(INPUT DATA begins)
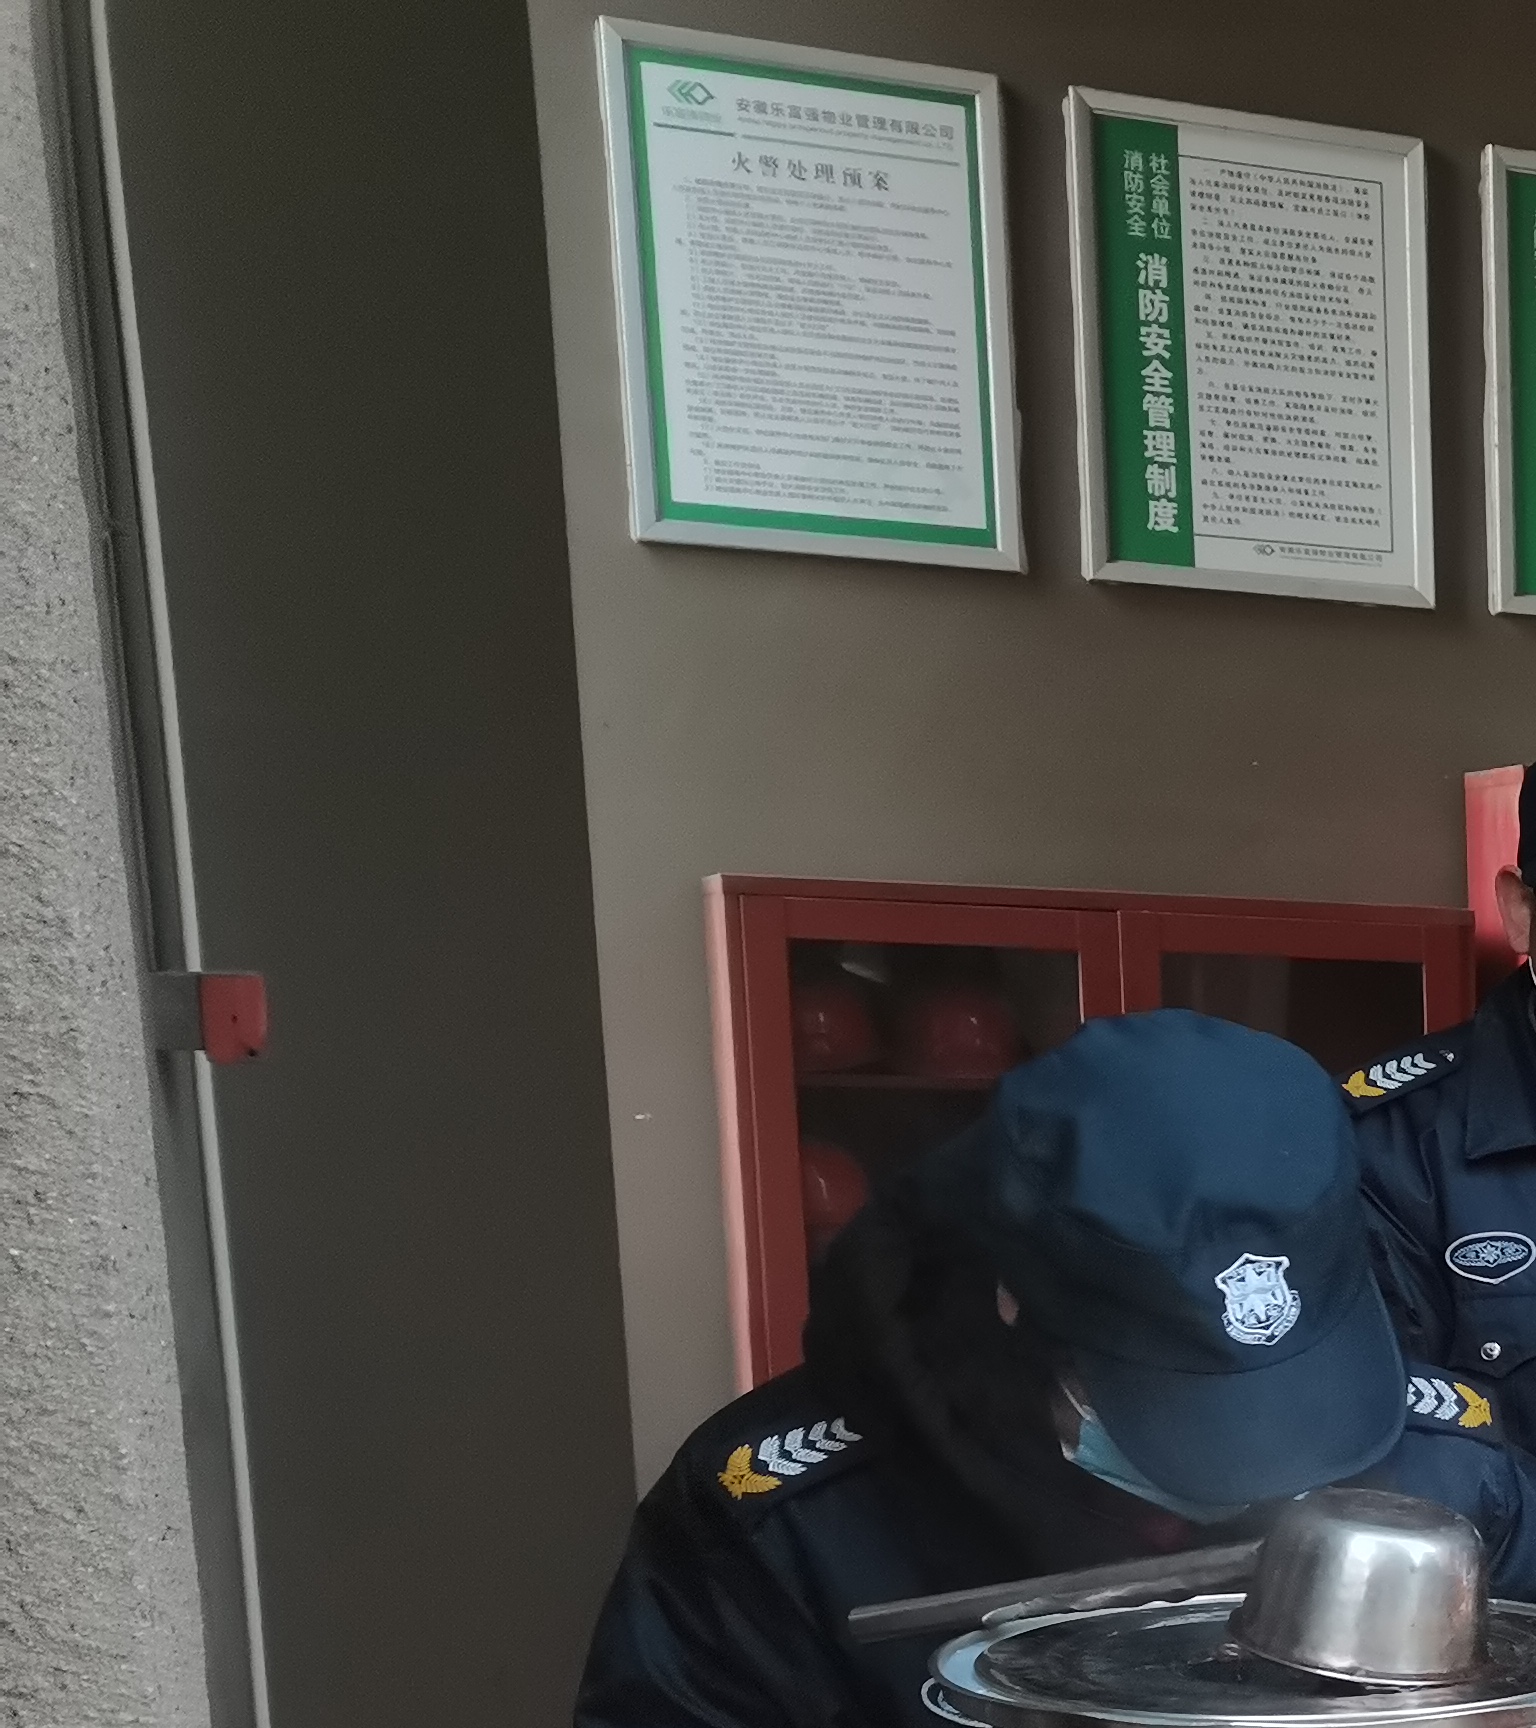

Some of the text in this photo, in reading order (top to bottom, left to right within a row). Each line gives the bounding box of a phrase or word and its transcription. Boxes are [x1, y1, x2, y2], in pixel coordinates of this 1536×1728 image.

[731, 151, 890, 192] 火警处理预案
[1122, 148, 1147, 238] 消防安全
[1150, 152, 1173, 240] 社会单位
[1135, 252, 1180, 534] 消防安全管理制度
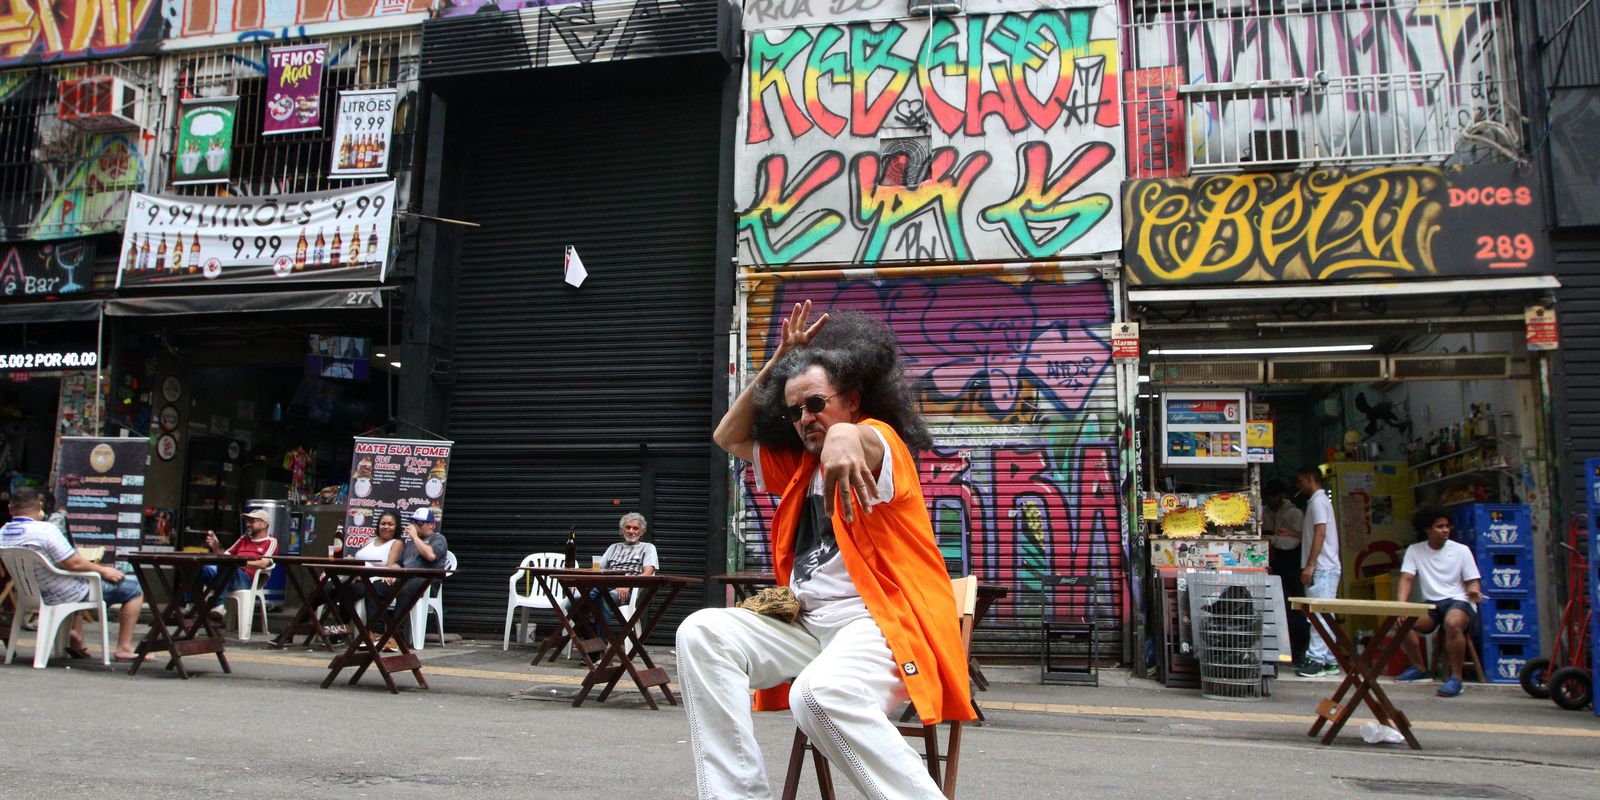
(INPUT DATA ends)
▸ ACTIVITY:
Every line above must be printed again exactly, pictures excluded.

▸ OUTPUT FOR THIS EXERCISE:
Some of the text in this photo, in reading order (top to bottom, left to right within a row). Each line gives the bounding box of a phrase or word and its transcription. Boxes are [x1, y1, x2, y2], in pixel coordinates of this 1536×1728 image.

[731, 151, 890, 192] 火警处理预案
[1122, 148, 1147, 238] 消防安全
[1150, 152, 1173, 240] 社会单位
[1135, 252, 1180, 534] 消防安全管理制度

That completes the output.